Harness set out to build a modern, AI-native platform for software delivery — covering continuous integration, continuous deployment, feature flags, cloud cost management, and more. These aren't separate problems. They're all part of getting code from a developer's machine into production reliably.
AI changes the delivery problem
The conversation zeroed in on what happens to software delivery when AI starts generating a significant share of production code. Bansal's take: the bottleneck shifts. When developers can write code faster — or when AI agents write it for them — the constraint moves downstream. Testing, security scanning, deployment verification, and rollback automation all become more critical, not less.
This isn't a hypothetical. Harness is already seeing customers where AI-generated code volume is increasing. The pipeline has to keep up. That means smarter test selection, faster feedback loops, and delivery systems that can reason about risk rather than just execute a static YAML config.
The AI-native platform bet
Bansal drew a clear line between "AI-assisted" and "AI-native." Bolting a chatbot onto an existing CI/CD tool doesn't change the fundamental architecture.
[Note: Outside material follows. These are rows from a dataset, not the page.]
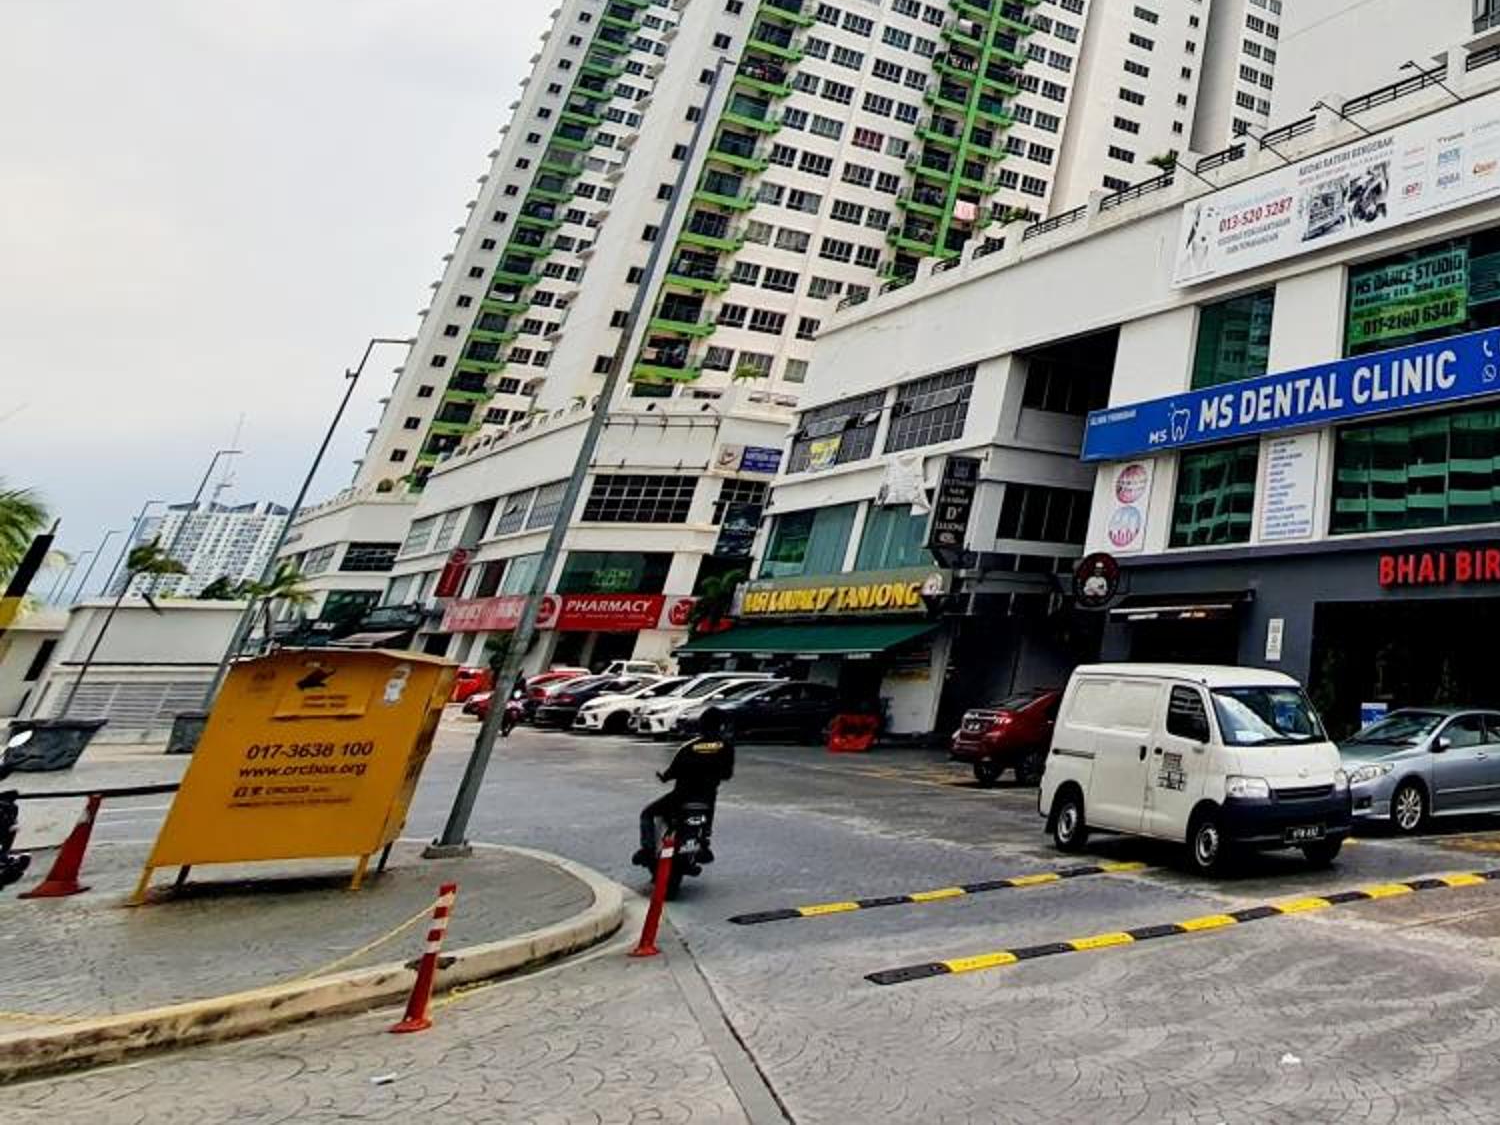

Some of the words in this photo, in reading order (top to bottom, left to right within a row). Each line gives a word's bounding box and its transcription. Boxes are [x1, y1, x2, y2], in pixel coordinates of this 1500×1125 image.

[1415, 253, 1463, 281] STUDIO
[1197, 393, 1235, 432] MS
[1239, 373, 1343, 425] DENTAL
[1352, 350, 1457, 405] CLINIC
[1149, 429, 1168, 443] MS
[1379, 552, 1446, 585] BHAI
[565, 600, 653, 612] PHARMACY
[837, 581, 922, 611] TANJONG
[246, 743, 334, 760] 017-3638
[341, 741, 375, 756] 100
An AI-native delivery platform, in his framing, means the system itself uses AI to make decisions — which tests to run based on code change analysis, how to canary a deployment by gradually shifting traffic and monitoring error rates, when to auto-rollback based on real-time health signals, and how to optimize cloud spend by identifying underutilized resources.
Rather than treating AI as a feature, Harness is embedding intelligence into the platform's core decision-making. The goal: a delivery pipeline that adapts based on what it learns from every deployment, not one that requires a human to hand-tune every stage.
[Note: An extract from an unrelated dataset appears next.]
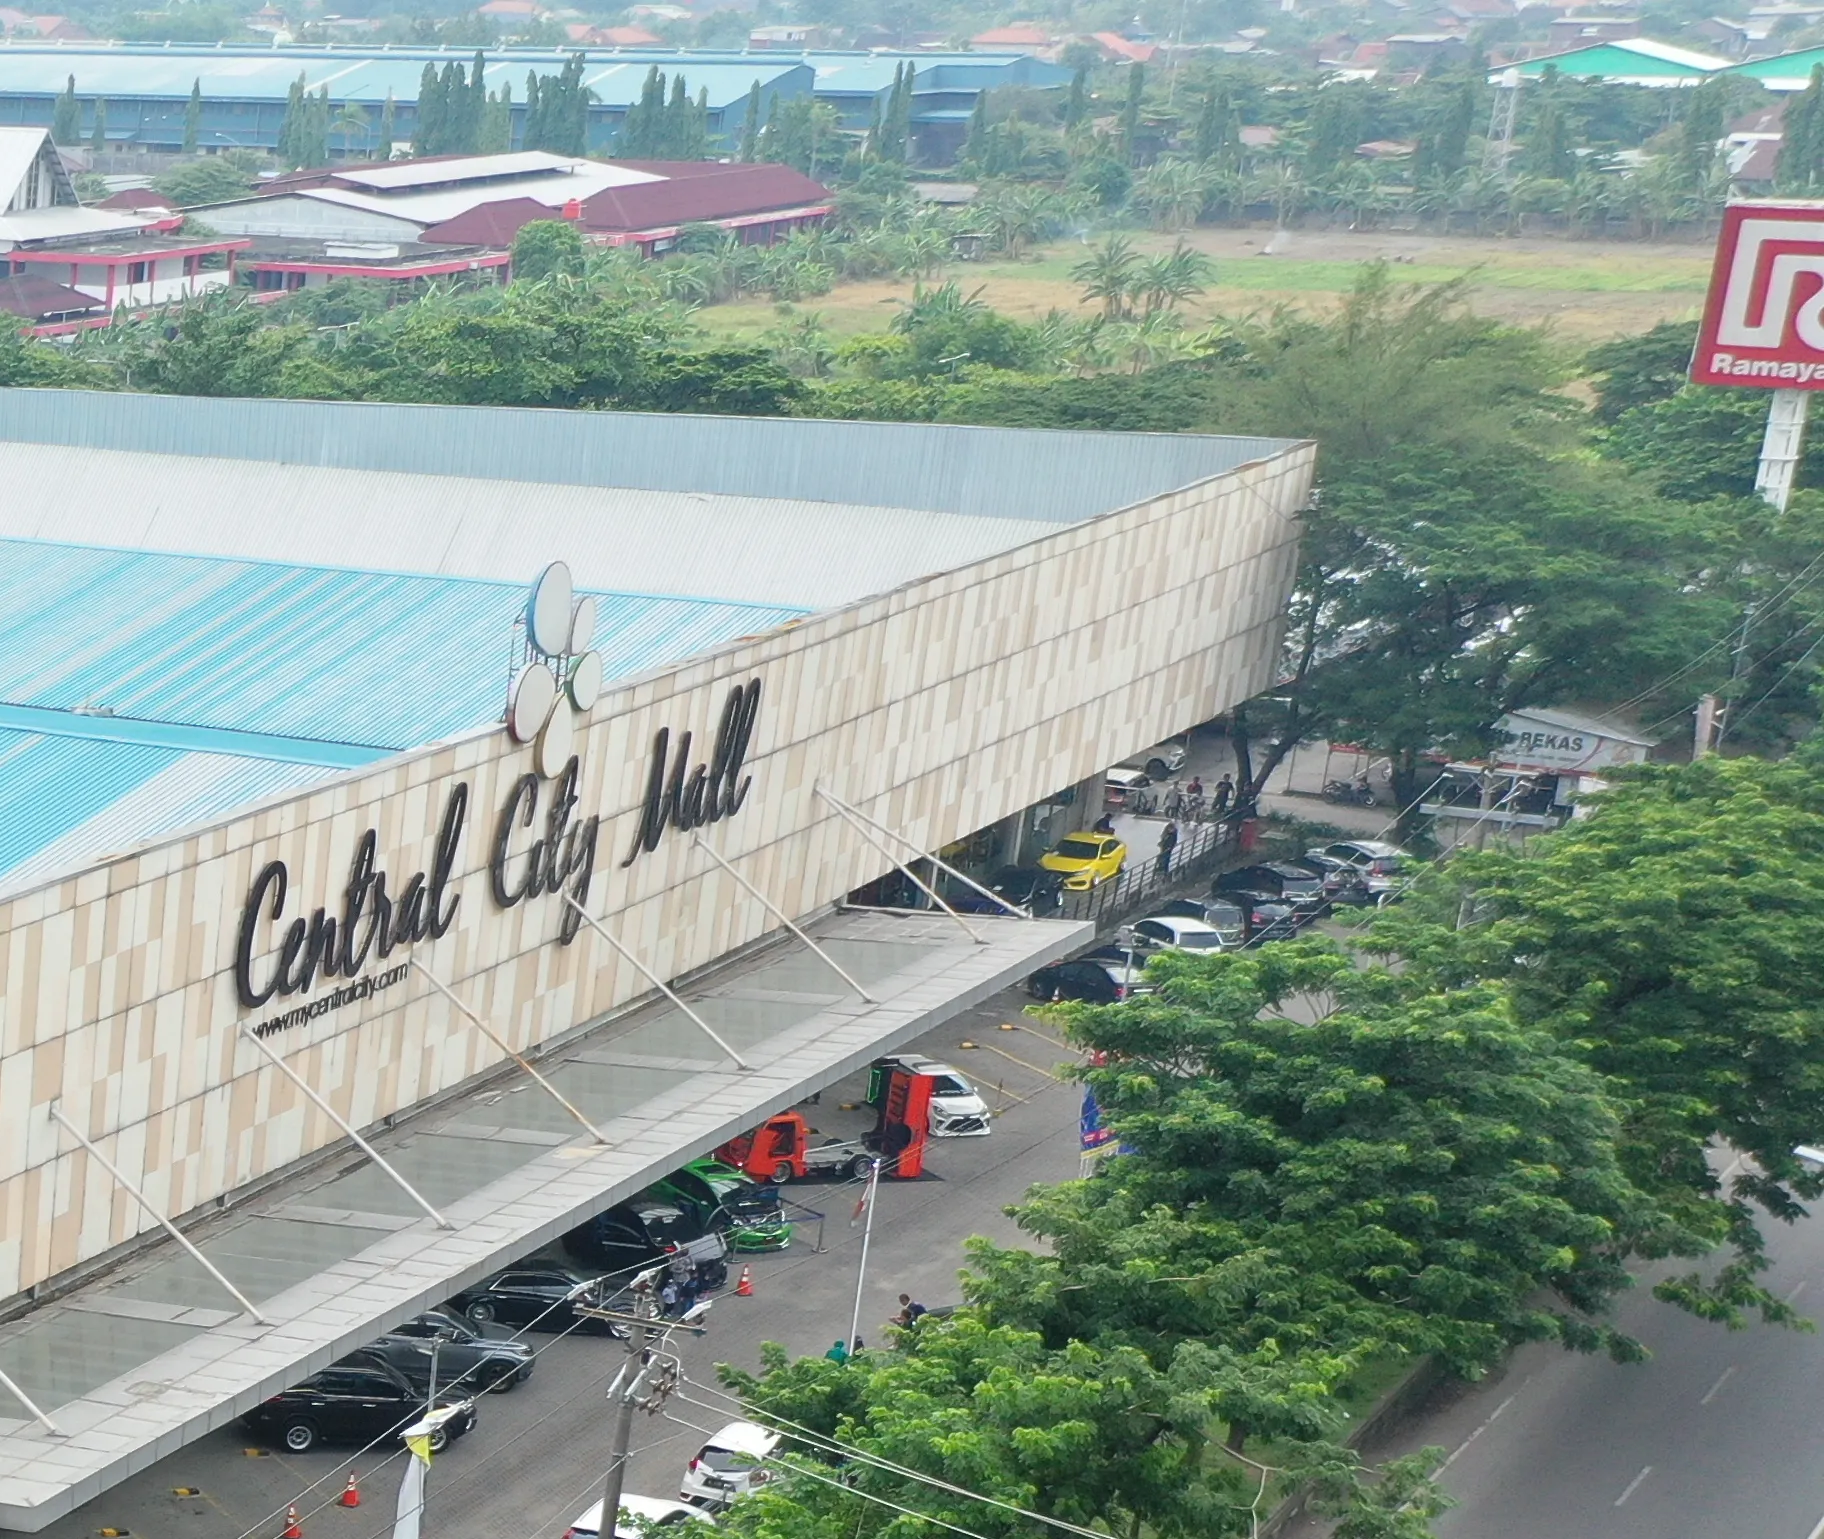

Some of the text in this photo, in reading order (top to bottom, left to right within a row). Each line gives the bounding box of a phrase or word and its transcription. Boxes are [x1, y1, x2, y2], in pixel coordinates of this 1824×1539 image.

[235, 676, 761, 1009] Central City Mall
What developers actually need
One of the sharper points in the conversation: developer productivity isn't just about writing code faster. The industry has a tendency to over-index on the code generation piece — how many lines of code can an AI produce per hour. Bansal argued that the real productivity gains come from reducing the time between writing code and knowing it works in production.
That means faster builds, smarter test suites that use code change impact analysis to skip irrelevant tests, deployment strategies like canary and blue-green that reduce risk without slowing down releases, and cost visibility so teams aren't burning money on idle infrastructure. These are the unsexy parts of the developer experience, but they're where teams lose the most time.
Where this is headed
Bansal sees a near future where AI agents are full participants in the delivery pipeline — not just generating code, but also reviewing it, testing it, deploying it, and monitoring it in production. The human role shifts toward oversight, architecture decisions, and handling the edge cases that AI can't yet reason about.
Platforms that can orchestrate both human and AI contributors across the full delivery lifecycle will have a structural advantage. Static pipelines defined entirely in YAML won't cut it when a growing share of commits are coming from AI agents that work at machine speed.
This interview was recorded at HumanX 2026 in San Francisco.